Ричи задержал дыхание, а потом медленно выдохнул.
– Чувак, – сказал он, – я даже не понимаю, зачем ты лезешь в эту хрень. Ты же даже не отсюда. Если б меня дома ждала такая же куколка, как и тебя…
В то же мгновение рука Демарко скользнула вверх по плечу Ричи и обхватила его за горло. Он поднял подбородок Ричи и сильно толкнул его назад, услышал глухой удар его головы и почувствовал вибрацию через руку. Еще услышал, как ему показалось: «Не делай этого»…
Звук автомобильного гудка, казалось, доносился до Демарко издалека, но становился все громче, пока не оказался прямо позади него, непрекращающийся, пронзительный и настойчивый. Тут Демарко снова пришел в себя, почувствовал, как напряглись его рука и плечо. Он отстранился, отпустил Ричи и повернулся лицом к свету фар. Джейми была где-то внутри этих огней, он знал, хотя и не мог ее разглядеть.
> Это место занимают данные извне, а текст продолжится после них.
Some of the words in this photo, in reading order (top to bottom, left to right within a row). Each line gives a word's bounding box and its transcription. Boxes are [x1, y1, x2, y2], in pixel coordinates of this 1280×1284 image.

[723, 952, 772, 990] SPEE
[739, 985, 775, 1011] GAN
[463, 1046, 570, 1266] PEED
И тут он понял, что натворил.
– Это был комплимент! – заговорил Ричи, закашливаясь. – Я хотел только комплимент сделать!
Демарко ушел, опустив голову под дождем. Он открыл дверь со стороны пассажира, взял коробку с пиццей, сел и положил ее на колени. Периферическим зрением он видел, как она смотрит на него, широко раскрыв глаза, все еще слышал эхо от гудка в тишине.
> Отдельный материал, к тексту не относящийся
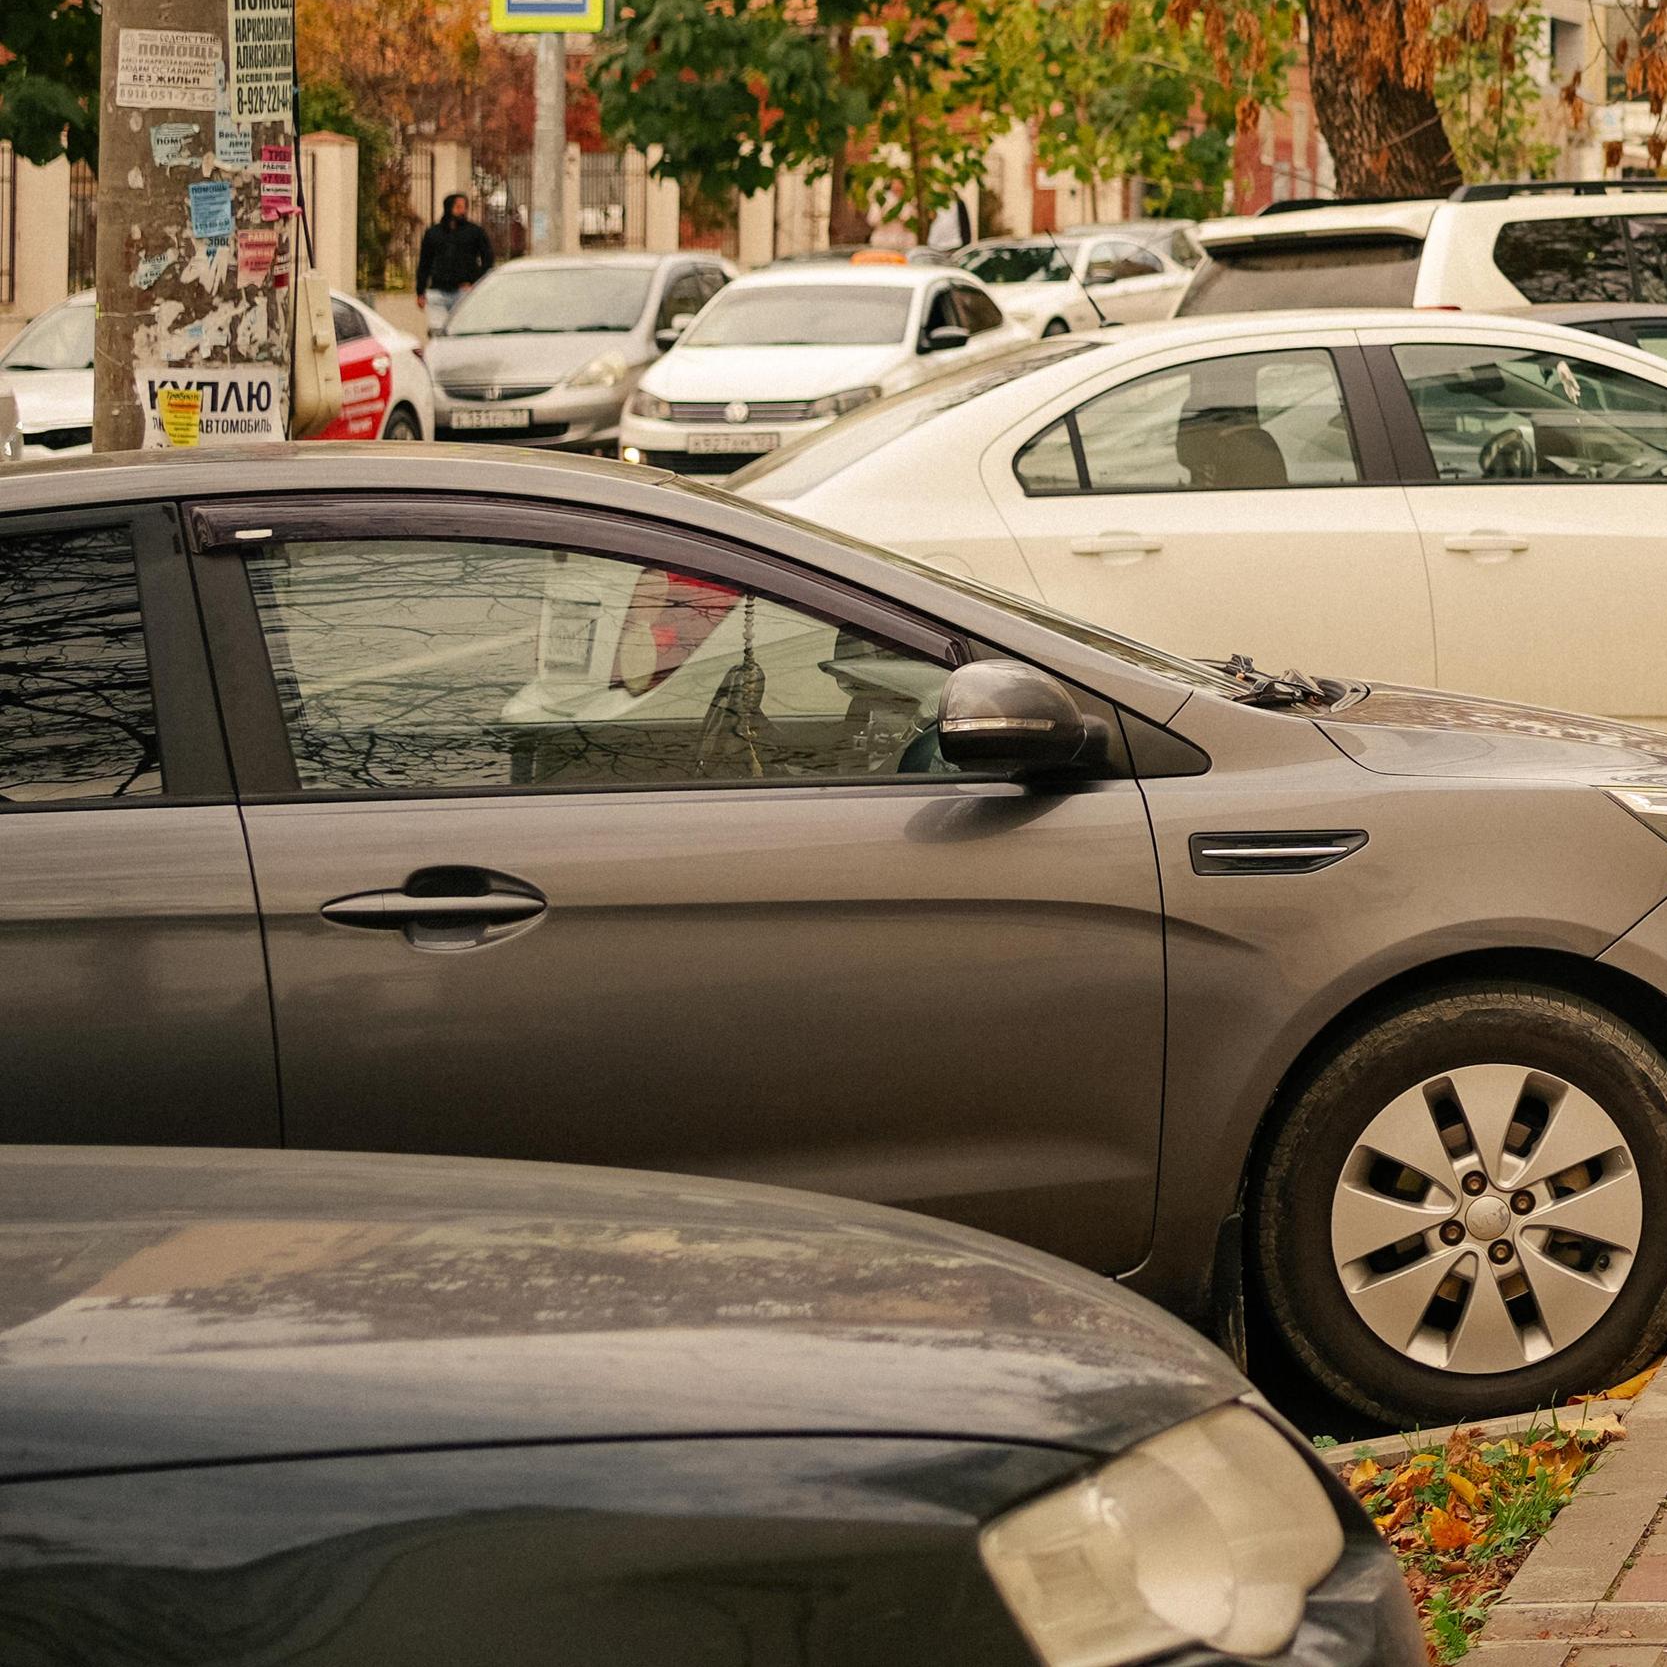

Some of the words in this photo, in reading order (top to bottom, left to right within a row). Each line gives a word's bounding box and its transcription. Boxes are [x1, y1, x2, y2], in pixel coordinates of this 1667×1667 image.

[139, 44, 220, 59] ПОМОЩЬ
[156, 75, 200, 86] ЖИЛЬЯ
[199, 418, 272, 434] АВТОМОБИЛЬ
Наконец, она дернула рычаг коробки передач и рванула вперед с визгом шин. Жар от пиццы обжигал его бедра, но он не смел поднять коробку, не смел даже шелохнуться, чтобы не разбить этот ужасный покой.
Я становлюсь своим отцом.
Эта мысль ужасала его. Почему это происходило сейчас? Из-за отсутствия униформы? Из-за отсутствия режима и рутины? Он думал, что уже пережил эту возможность, загнал ее слишком глубоко, чтобы когда-нибудь она снова всплыла на поверхность. Почему сейчас?
Она слишком много для него значила.
Он ждал в машине почти час – дождь уже давно перестал, а пицца осталась на водительском сиденье. Из окна, по которому все еще стекали капли, не было видно ни звезд, ни луны.
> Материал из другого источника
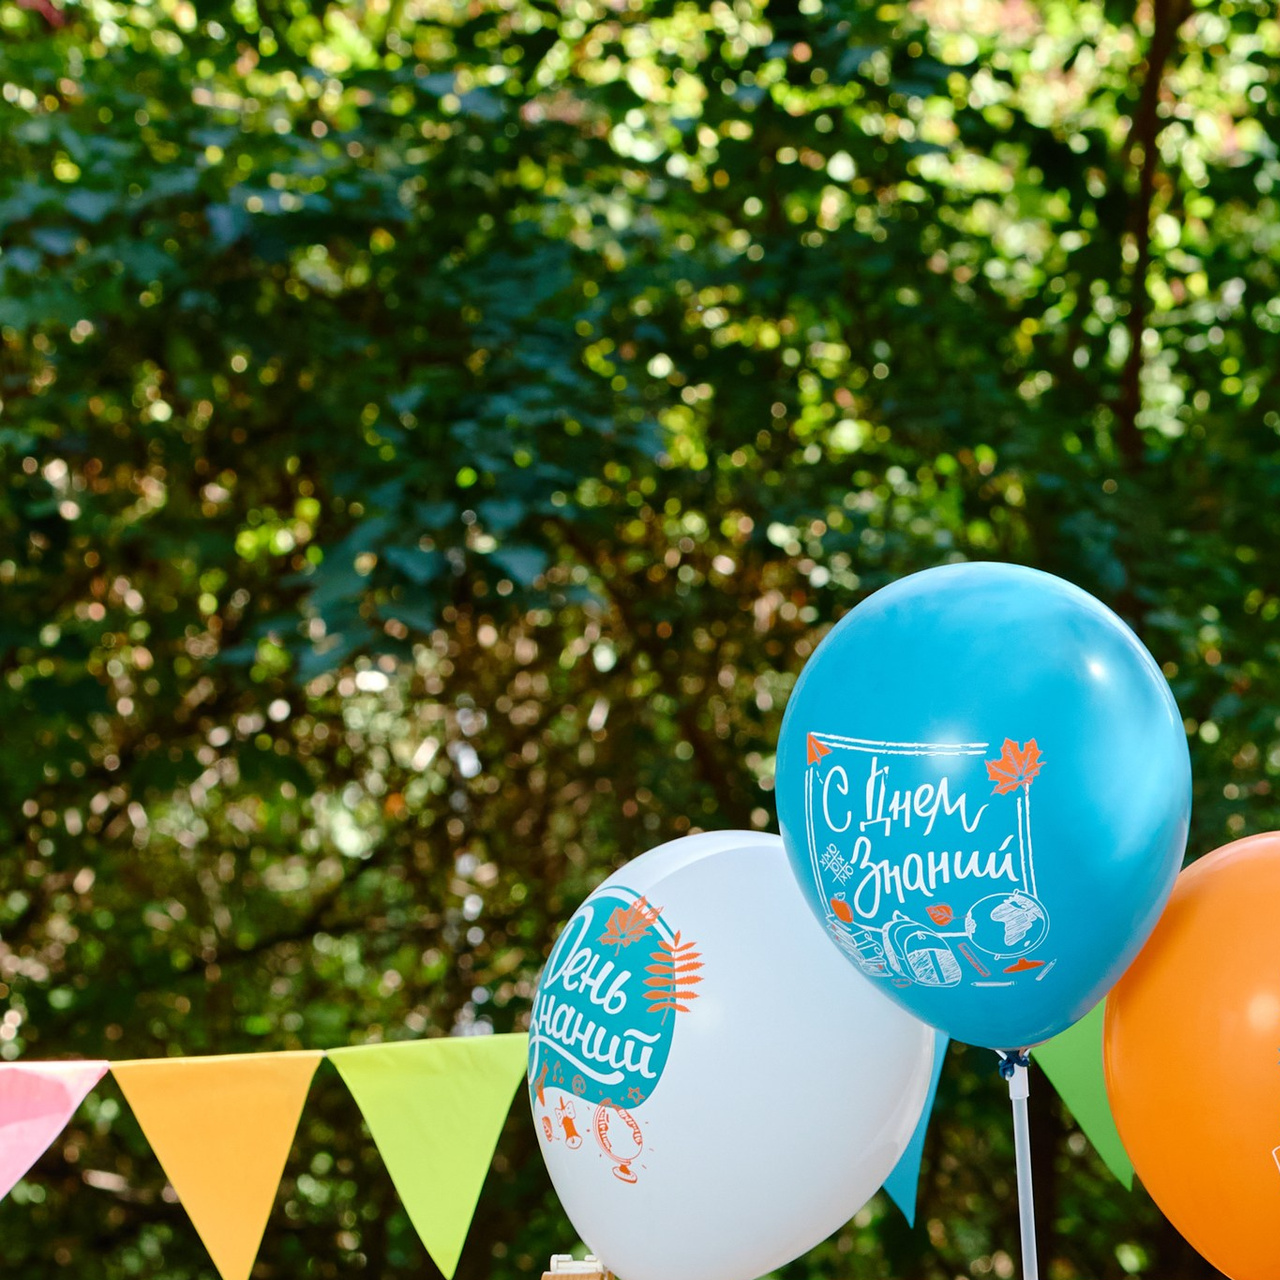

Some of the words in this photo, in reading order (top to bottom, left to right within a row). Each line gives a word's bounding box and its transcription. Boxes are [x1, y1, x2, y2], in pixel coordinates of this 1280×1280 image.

[822, 765, 852, 833] С
[860, 756, 990, 836] Днем
[850, 834, 1019, 918] Знаний
[543, 905, 632, 1015] День
Изо всех сил стараясь не шуметь, он вылез из машины с коробкой пиццы в руке и захлопнул дверцу. Потом на крыльцо. Входная дверь не заперта. Дом тихий и темный. Наверное, она была наверху. Он надеялся, что она что-нибудь съела, а не легла спать голодной. Он положил пиццу в холодильник, криво засунув ее, чтобы она поместилась.
Идти наверх или нет?
А что он ей скажет? Мне жаль. Я не знал, что это произойдет. Он отвесил ремарку.
Какую ремарку?
Он сказал, что это комплимент. Я так не считаю.
Какая разница, что он говорит? Почему тебе вообще не плевать?
Я не знаю.
Ты думаешь, что я с ним трахалась, вот почему.
Это не важно.
А ты что, никого не трахал?
Пожалуйста, не надо.
Думаешь, ты первый меня трахаешь? Сколько тебе лет, шестнадцать?
Пожалуйста, хватит повторять это слово.
Хочешь, чтобы я тебе перечислила всех, с кем я трахалась? Этого ты хочешь? Присаживайся поудобнее, я перечислю тебе всех до одного.
А может, все будет не так? Может, она заплачет? Нет, она не станет плакать. У нее есть право быть злой.
Я боюсь, что превращаюсь в отца, – скажет он.
Бога ради, Райан. Повзрослей.
Ключи от фургона лежали на комоде. Он взял их и потряс ими в руке.
Ладно, он тоже может пойти спать голодным.
Серый свет проникал в окно. 05:17. В фургоне уже становилось жарко и душно. Ему следовало бы открыть окно над кроватью, но теперь уже слишком поздно. Спать было невозможно.